[AVAILABLE RECORDS — start]

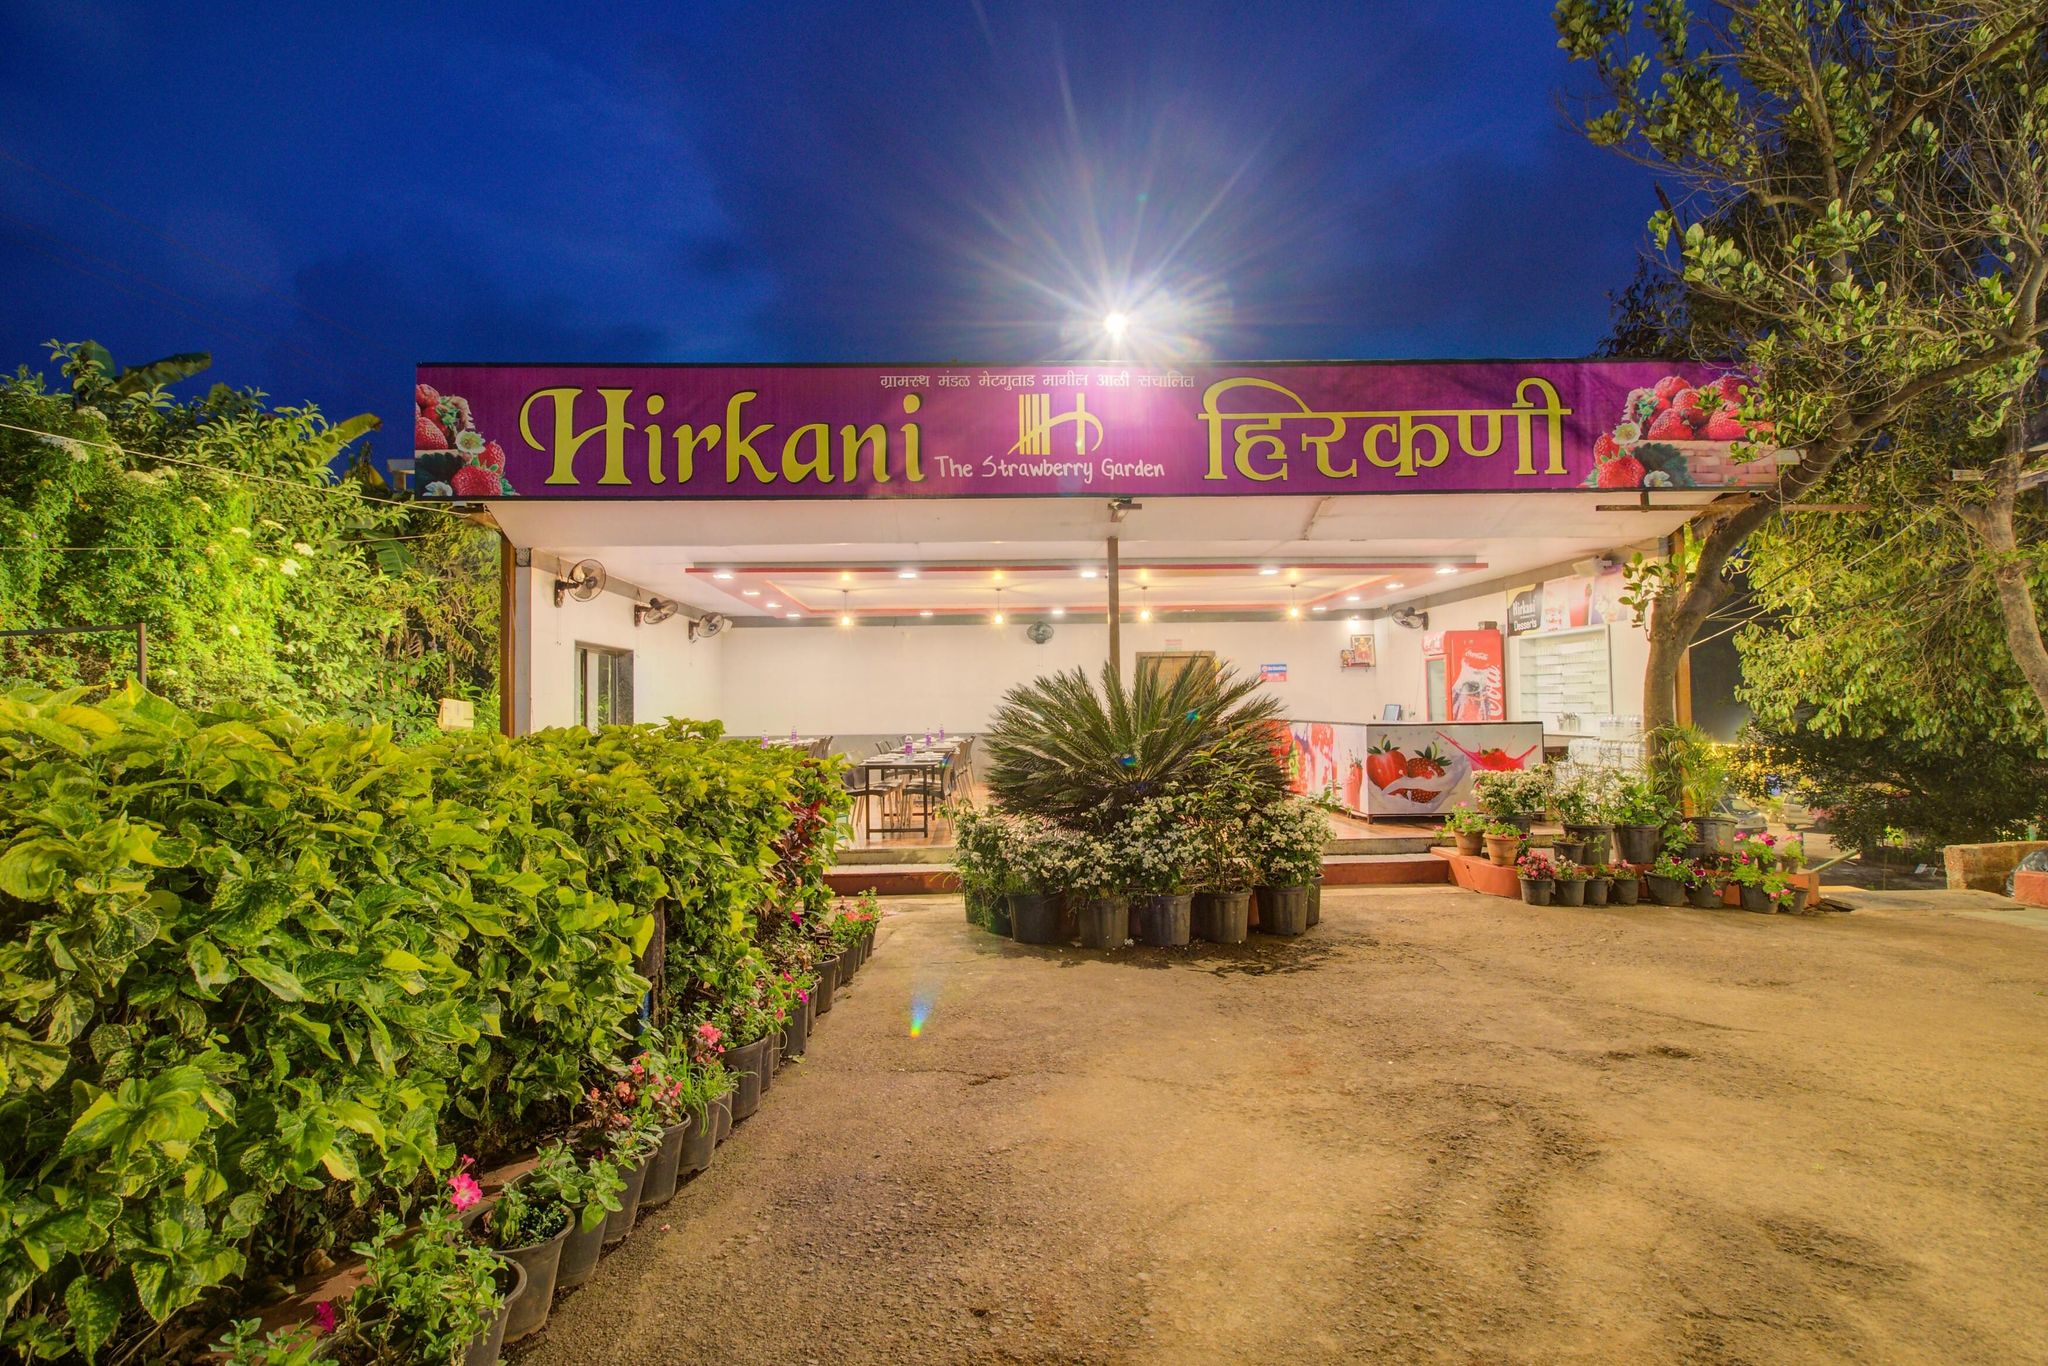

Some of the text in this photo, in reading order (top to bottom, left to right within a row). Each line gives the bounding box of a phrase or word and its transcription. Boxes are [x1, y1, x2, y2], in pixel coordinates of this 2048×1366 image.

[880, 374, 930, 389] ग्रामस्थ
[937, 370, 970, 388] मंडळ
[1042, 370, 1088, 387] मागील
[1096, 371, 1129, 387] आळी
[519, 386, 924, 484] Hirkani
[1198, 378, 1572, 482] हिरकणी
[934, 456, 1165, 483] The Strawberry Garden

[AVAILABLE RECORDS — finish]

TASK STATEMENT
Word for word, repeat the lines of data above, omitting every picture.

EXERCISE OUTPUT
Some of the text in this photo, in reading order (top to bottom, left to right within a row). Each line gives the bounding box of a phrase or word and its transcription. Boxes are [x1, y1, x2, y2], in pixel coordinates of this 2048×1366 image.

[880, 374, 930, 389] ग्रामस्थ
[937, 370, 970, 388] मंडळ
[1042, 370, 1088, 387] मागील
[1096, 371, 1129, 387] आळी
[519, 386, 924, 484] Hirkani
[1198, 378, 1572, 482] हिरकणी
[934, 456, 1165, 483] The Strawberry Garden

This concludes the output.